Suppose you invest Rs. 10 Lakh at once and you opt for a period of 20 years in order to get a regular source of income for that fixed time. Then the insurer will start paying in accordance with the time horizon as opted for by the individual.

Annuity

Deferred Annuity

This type of annuity offers regular payment at installments or at once to an individual after a prolonged saving period. Usually when any individual deposits money in any annuity then the insurer deposits the amount in the annuity owner’s name. Then the annuity company offers a fixed interest rate on the fund. When you opt for regular payment then the amount is credited according to the capital.

Immediate Annuity

Unlike Deferred Annuity which requires a specific period of time to payout, immediate annuity enables a regular guaranteed income almost immediately to the individual. In Immediate Annuity, one individual can opt for a period of any specific period or as long as an individual remains alive. The biggest drawback of the immediate annuity is that if the annuitant dies earlier than the term period, the payment stops and the insurer keeps the principal balance. In other words, once any individual purchases the immediate annuity, it can neither be cancelled nor he can get a refund of the principal amount from the insurer.

Annuity Certain

Annuity Certain assures an individual a fixed stream of payments for a specific period regardless of the lifespan of the individual. In the case of death of the individual i.e. annuitant before the term period, the annuity certain continues to make payments to the nominee as per the annuitant’s accord. Any individual will get the regular payment as per monthly, quarterly, half-yearly, or annually basis. Unlike the Immediate Annuity, the annuity certain assures annuitant to pay the residue in the case of annuitant’s death before the term of the annuity to the nominee. For example, any individual i.e. Annuitant buys an annuity for a certain option with a 10-year tenure. But in the case of the certain annuity, the nominee will receive the stream of payment until the completion of the 10-year term in the case of annuitant’s death.

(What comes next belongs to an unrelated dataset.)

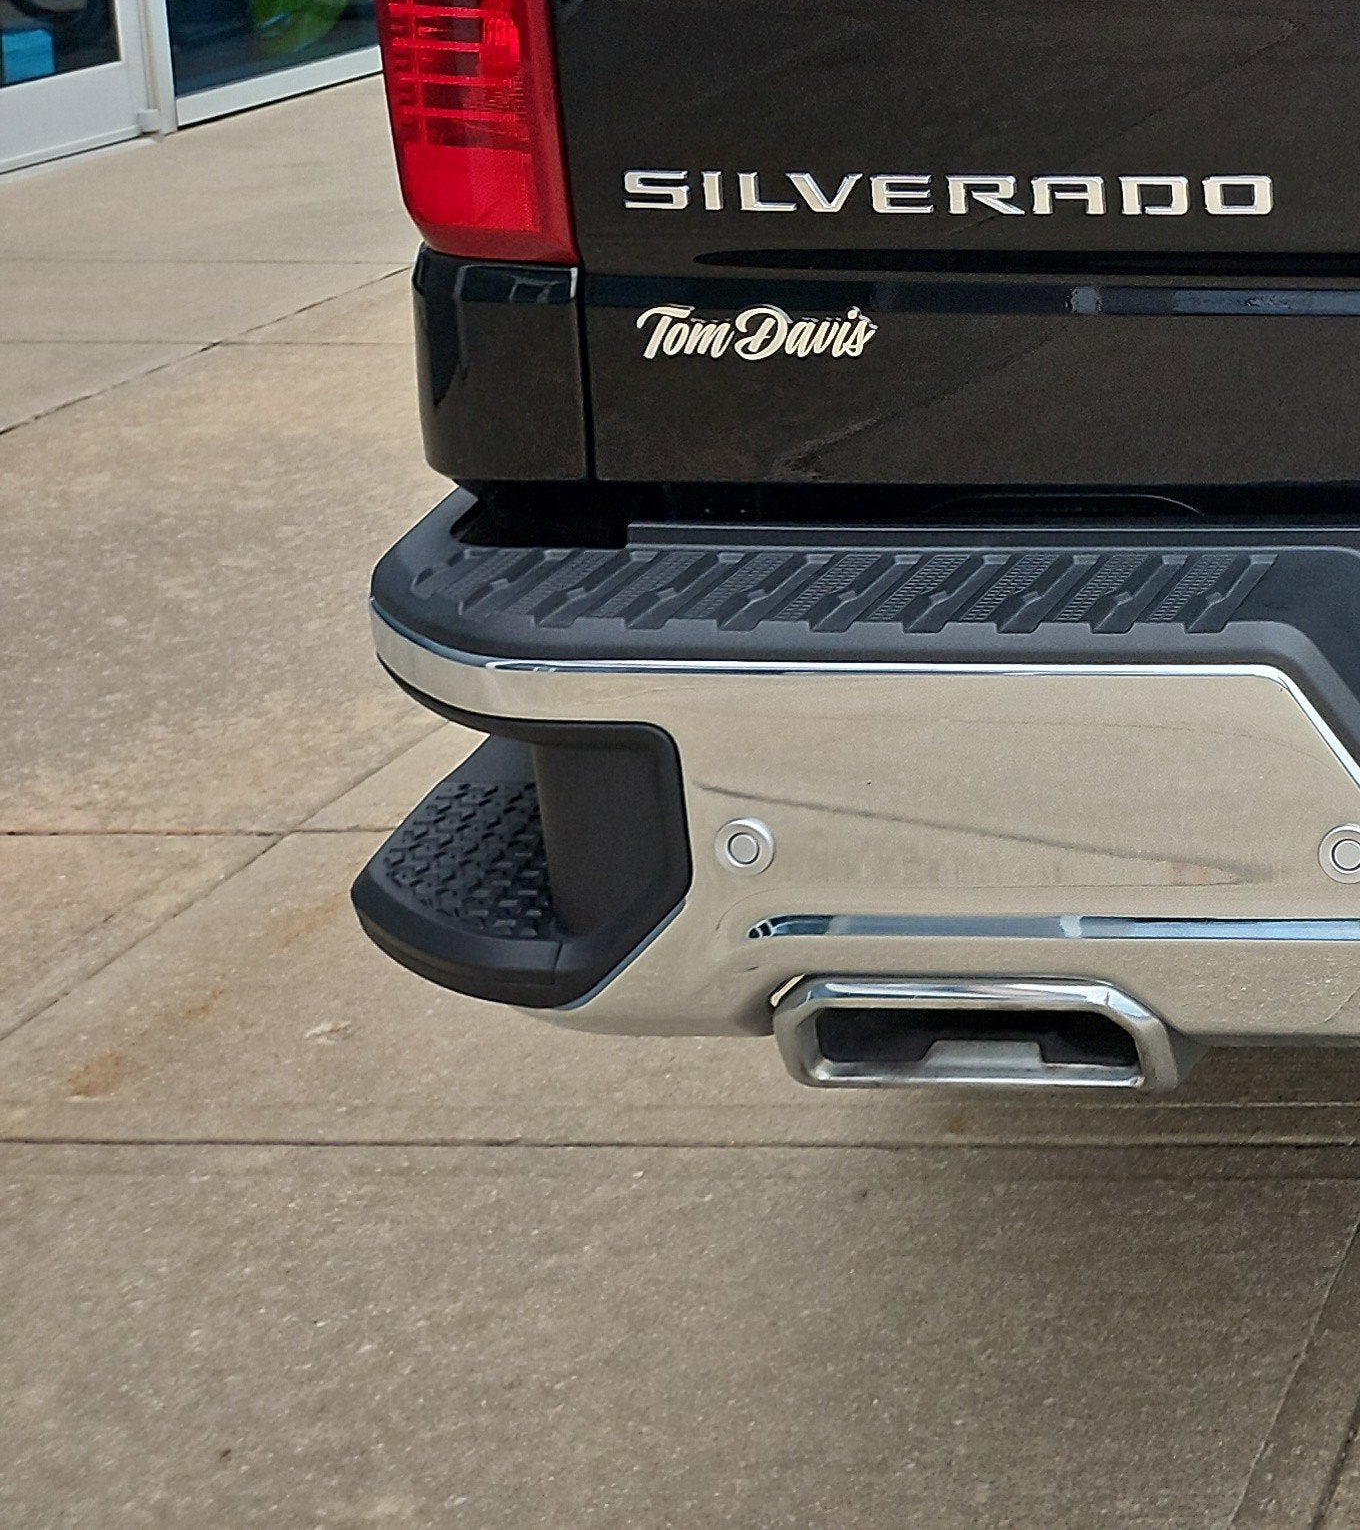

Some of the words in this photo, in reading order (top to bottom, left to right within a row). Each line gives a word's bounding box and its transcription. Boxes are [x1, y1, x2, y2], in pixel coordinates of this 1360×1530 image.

[622, 169, 1275, 216] SILVERADO
[636, 304, 733, 361] Tom
[733, 304, 879, 361] Davis

Guaranteed Period Annuity Plan

Like the Annuity certain, you need to choose a fixed period of the term for 5 years, 10 years, 20 years and even 30 years. You can also opt for life with guaranteed term option which enables an annuitant an income stream for life. In this plan, a regular payment is credited to the nominee in case of death of the annuitant within the guaranteed period.

Life Annuity

The scheme ‘Life Annuity’ enables an individual i.e. annuitant to receive a regular payment until death. In addition to this if any individual has opted for the option ‘with spouse’ then after the death of the annuitant, the spouse will receive a regular payment till death. Usually, the annuitant needs to pay regular premiums or payments until retirement. Once the policyholder gets retired the insurer kicks start a regular payment to the annuitant until death. Here are the types of ‘Life Annuity’,

Fixed Annuity – In the case of the fixed annuity, the annuitant will receive a fixed percentage in respect of the annuity amount.

Variable Annuity – In the case of the variable annuity, the annuitant will receive an amount in accordance with the performance of the investment’s return received from annuities.

Joint Annuity – This enables an annuitant to get regular payments until both the spouses die. But if the primary annuitant dies then the amount is reduced in the case of the second person of the spouse.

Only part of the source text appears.